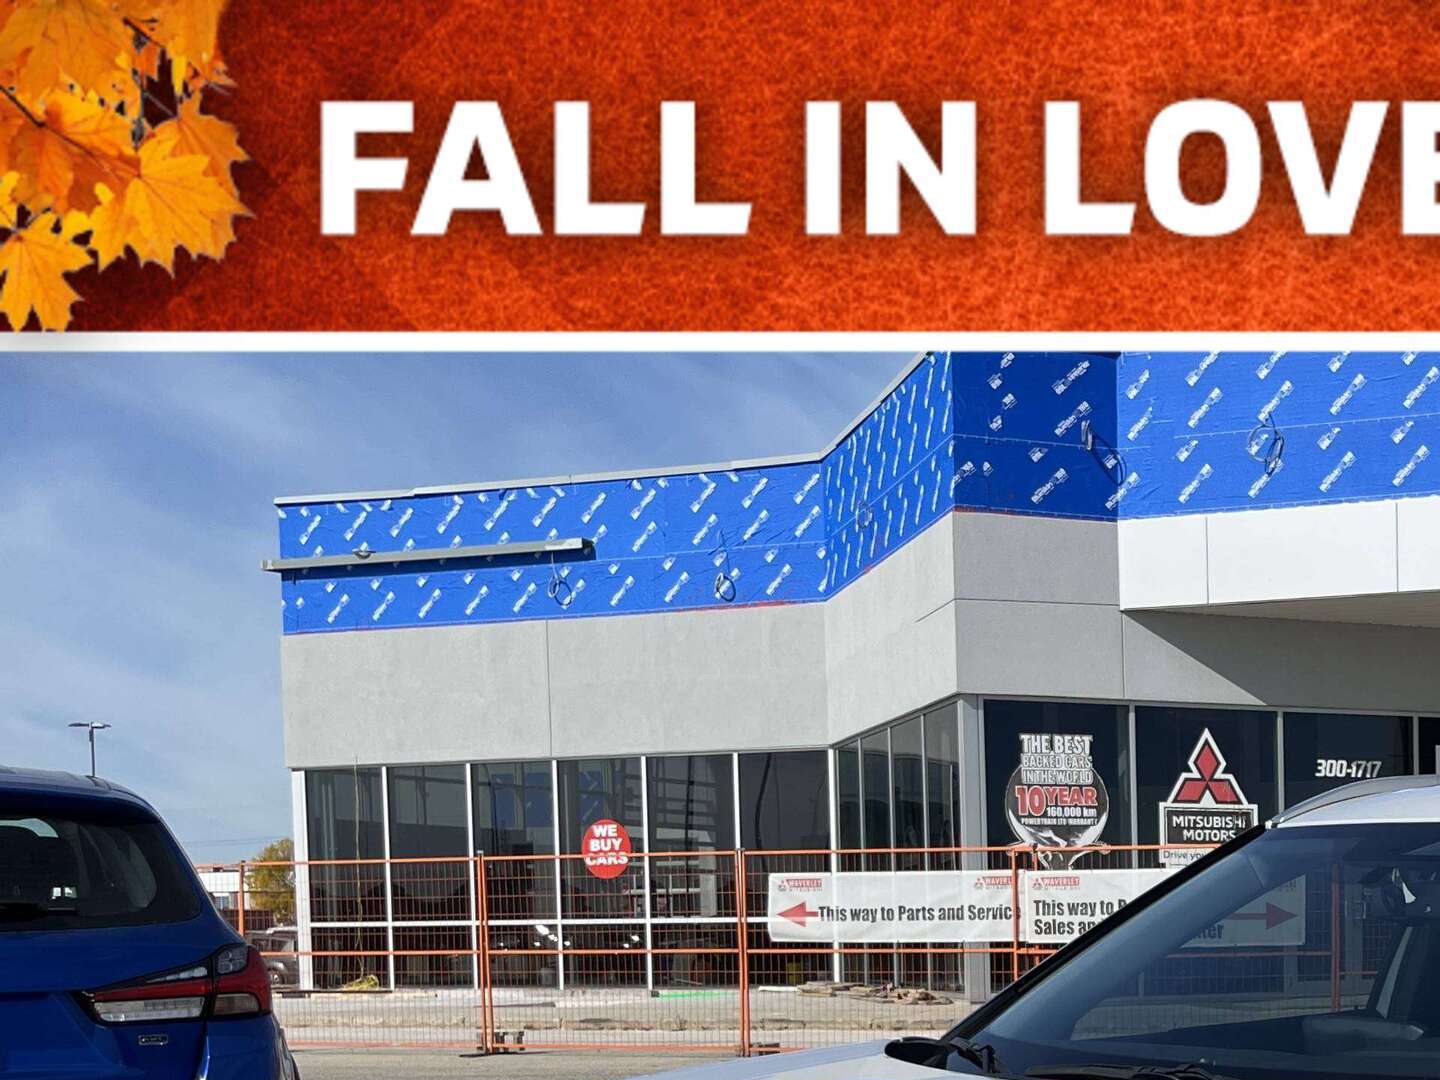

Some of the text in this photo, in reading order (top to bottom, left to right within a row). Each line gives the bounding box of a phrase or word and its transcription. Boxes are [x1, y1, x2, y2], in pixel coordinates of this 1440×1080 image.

[1019, 734, 1093, 754] THE BEST
[1022, 754, 1062, 769] BACKED
[1315, 759, 1382, 778] 300-1717
[1022, 769, 1093, 784] IN THE WORLD
[1015, 785, 1098, 816] 10 YEAR
[1047, 807, 1097, 817] 160,000 km
[1172, 815, 1246, 828] MITSUBISHI
[592, 824, 618, 838] WE
[1183, 829, 1237, 842] MOTORS
[590, 838, 622, 852] BUY
[584, 851, 629, 866] CARS
[1163, 850, 1188, 860] Drive
[818, 906, 847, 921] This
[850, 907, 877, 923] way
[881, 907, 894, 921] to
[898, 905, 934, 921] Parts
[938, 905, 963, 920] and
[1034, 900, 1065, 916] This
[1067, 902, 1097, 917] way
[1100, 900, 1115, 916] to
[1035, 919, 1075, 935] Sales

* * * * * * *

• _Exercise objective_
Transcribe the whole listing above exactly and leave out the pictures.

• _Answer box_
Some of the text in this photo, in reading order (top to bottom, left to right within a row). Each line gives the bounding box of a phrase or word and its transcription. Boxes are [x1, y1, x2, y2], in pixel coordinates of this 1440×1080 image.

[1019, 734, 1093, 754] THE BEST
[1022, 754, 1062, 769] BACKED
[1315, 759, 1382, 778] 300-1717
[1022, 769, 1093, 784] IN THE WORLD
[1015, 785, 1098, 816] 10 YEAR
[1047, 807, 1097, 817] 160,000 km
[1172, 815, 1246, 828] MITSUBISHI
[592, 824, 618, 838] WE
[1183, 829, 1237, 842] MOTORS
[590, 838, 622, 852] BUY
[584, 851, 629, 866] CARS
[1163, 850, 1188, 860] Drive
[818, 906, 847, 921] This
[850, 907, 877, 923] way
[881, 907, 894, 921] to
[898, 905, 934, 921] Parts
[938, 905, 963, 920] and
[1034, 900, 1065, 916] This
[1067, 902, 1097, 917] way
[1100, 900, 1115, 916] to
[1035, 919, 1075, 935] Sales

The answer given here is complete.